Deeper insights into combinations of immune checkpoint inhibitors with other drug classes

Pooled data on chemo-IO vs. IO in PD-L1 ≥ 50 %

Various regimens consisting of anti-PD-(L)1 antibodies with or without chemotherapy have been approved for the first-line treatment of patients with advanced NSCLC that does not harbor genomic alterations. The analysis reported at ASCO 2022 by Akinboro et al. used pooled data from 12 pivotal studies to compare overall survival (OS) obtained with chemoimmunotherapy (n = 455) vs. immunotherapy (n = 1,298) in patients with ALK– and EGFR-negative tumors that showed ≥ 50 % PD-L1 expression [1]. Six randomized controlled trials each had evaluated chemoimmunotherapy and immunotherapy alone. All comparator regimens consisted of platinum-based chemotherapy.

Despite a slight numerical advantage favoring chemoimmunotherapy, the data did not suggest an OS difference compared to the immunotherapy-only treatment. Median OS was 25.0 vs. 20.9 months, which translated into a 18 % risk reduction (HR, 0.82). The Kaplan-Meier estimation suggested a marginal separation of the curves within the first 18 months. For progression-free survival (PFS), the exploratory analysis revealed superiority of chemoimmunotherapy, with a median of 9.6 vs. 7.1 months (HR, 0.69). Here, the Kaplan-Meier curves separated clearly within the first year of treatment, which might represent a potentially greater cytoreductive effect; this warrants further exploration. Also, the overall response rates (ORRs) were higher with the combined approach (61 % vs. 43 %; OR, 1.2). According to the subgroup analyses, however, patients aged ≥ 75 years appeared to derive greater benefit from immunotherapy alone with respect to both OS and PFS.
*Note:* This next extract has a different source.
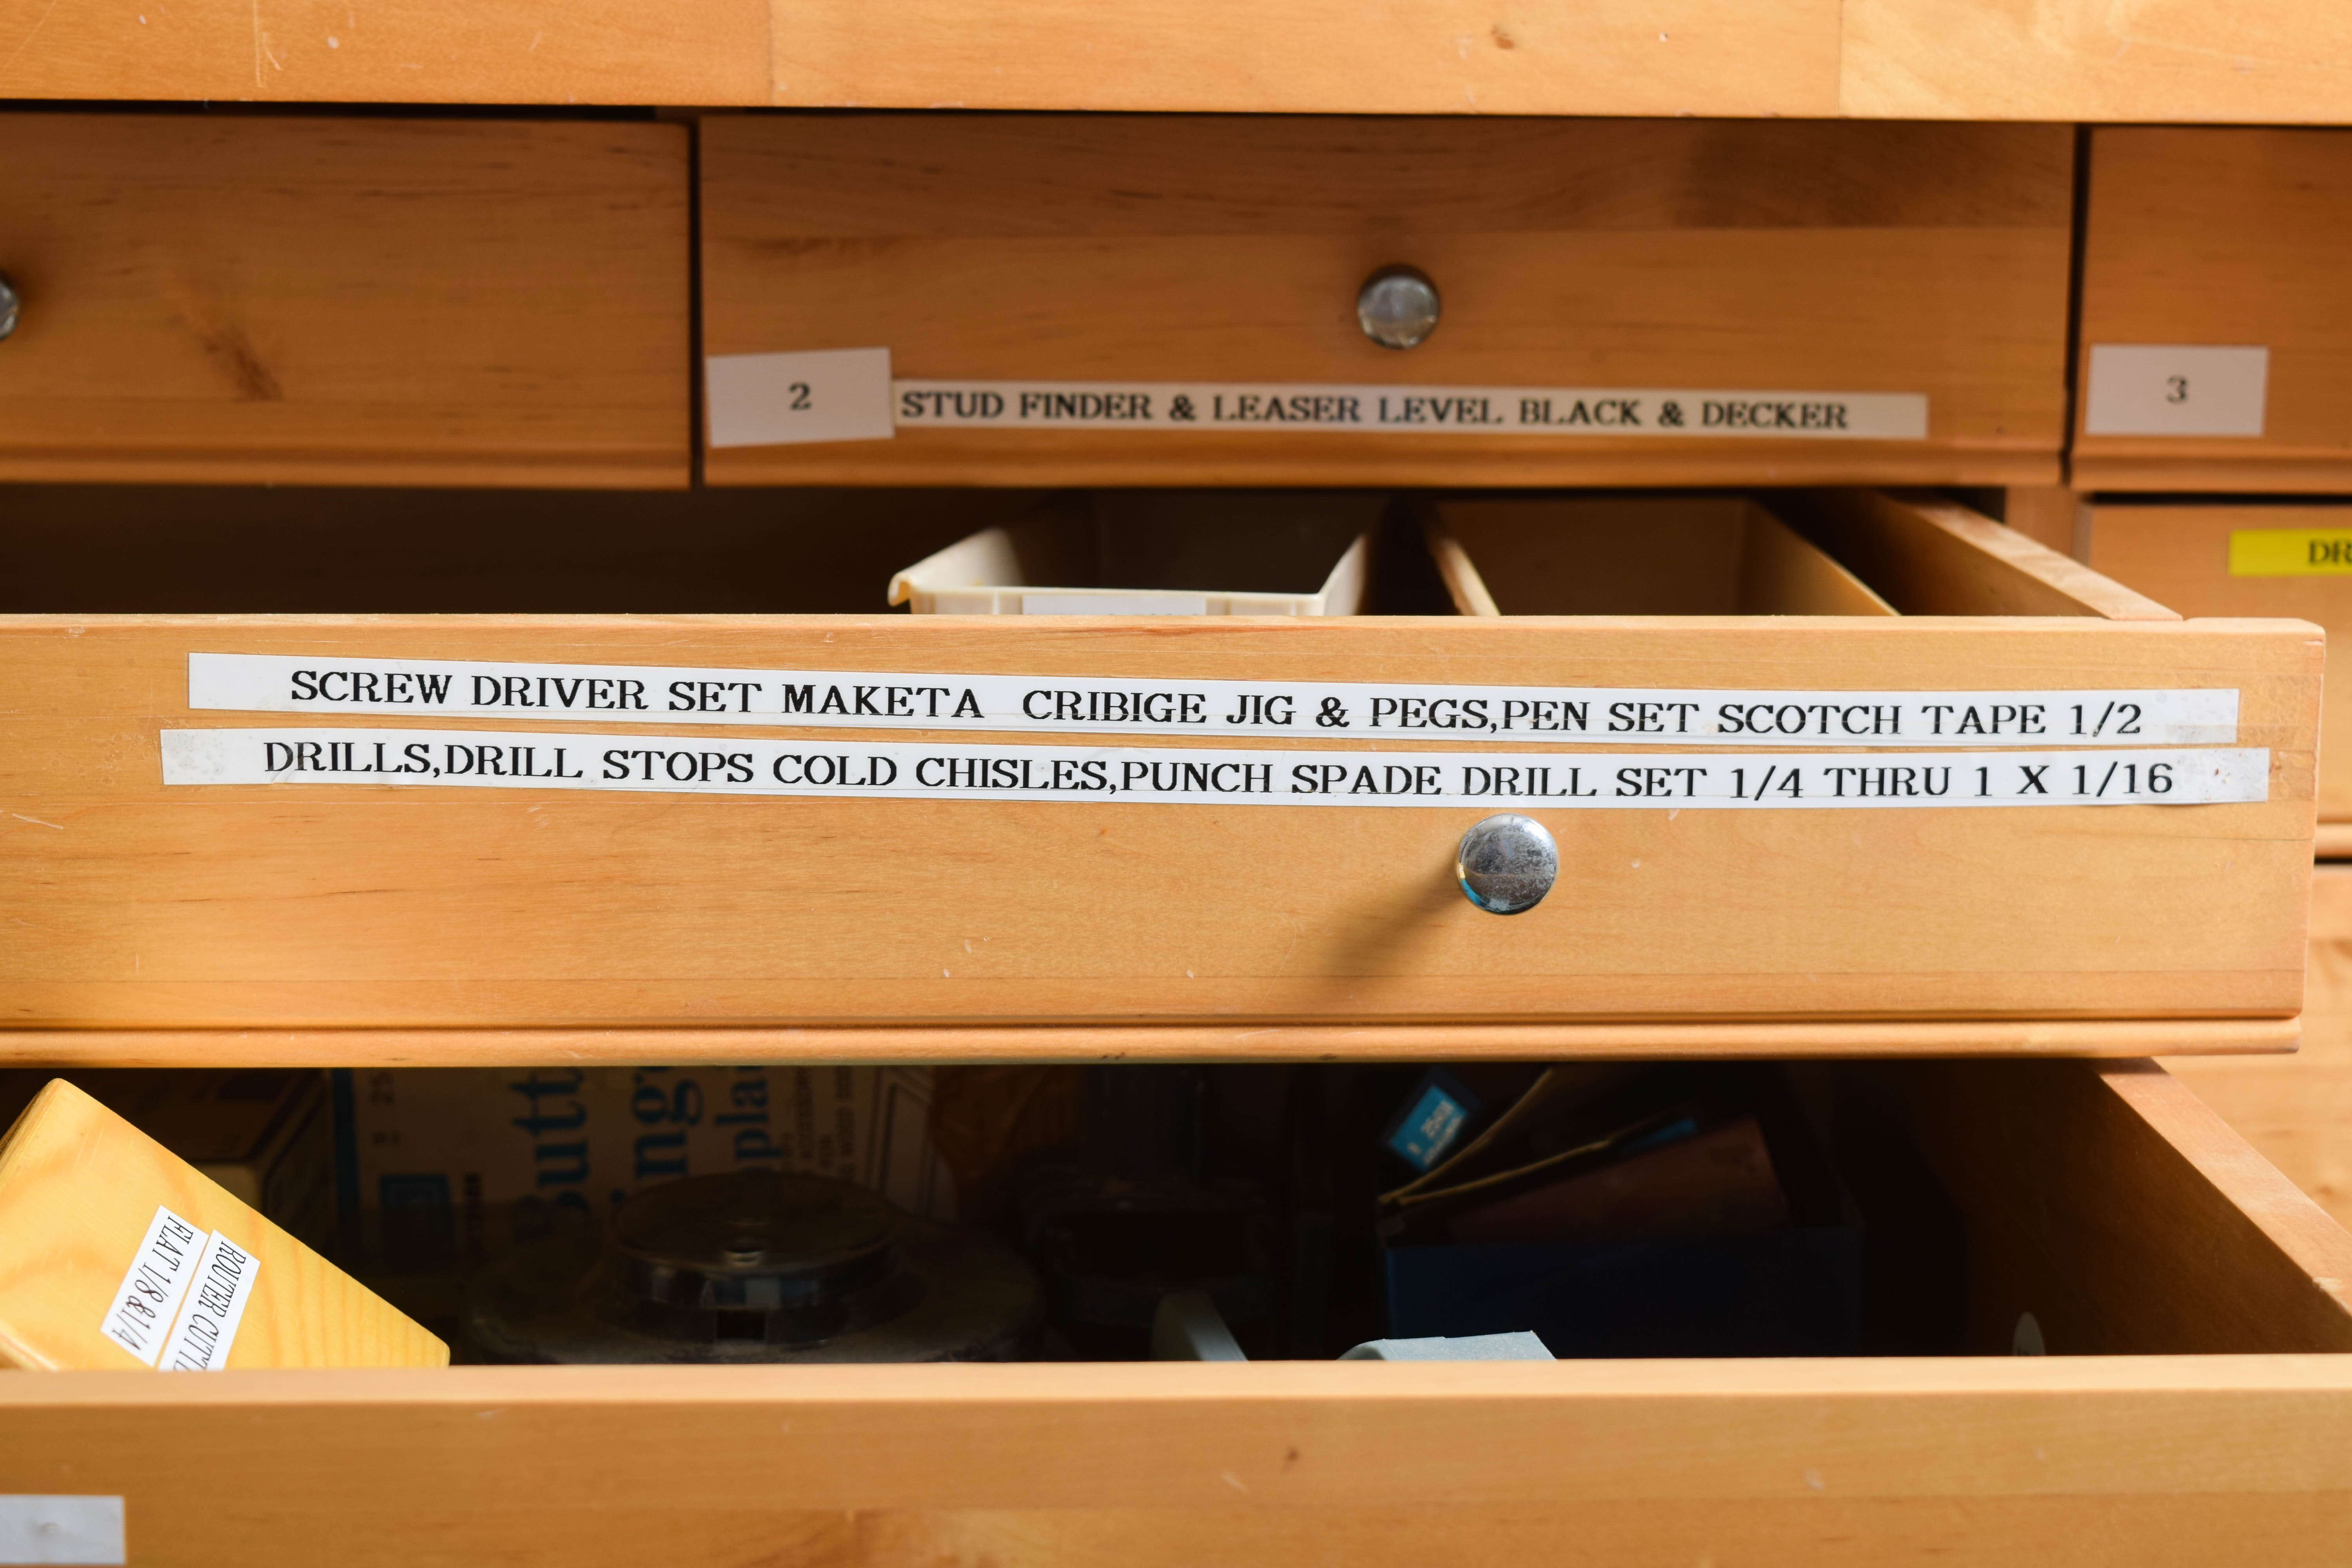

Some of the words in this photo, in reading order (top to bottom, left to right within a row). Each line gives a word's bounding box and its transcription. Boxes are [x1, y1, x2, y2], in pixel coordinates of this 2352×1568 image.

As the authors pointed out, limitations arise from the retrospective and exploratory nature of the analyses, and the results are only hypothesis-generating. No factors were examined that might explain the lack of concordance between the OS results on one hand and the PFS/ORR findings on the other. Also, potential heterogeneity across the trials including differences in PD-L1 assays need to be taken into account. Nevertheless, these findings emphasize the importance of shared decision making in selecting a therapeutic approach.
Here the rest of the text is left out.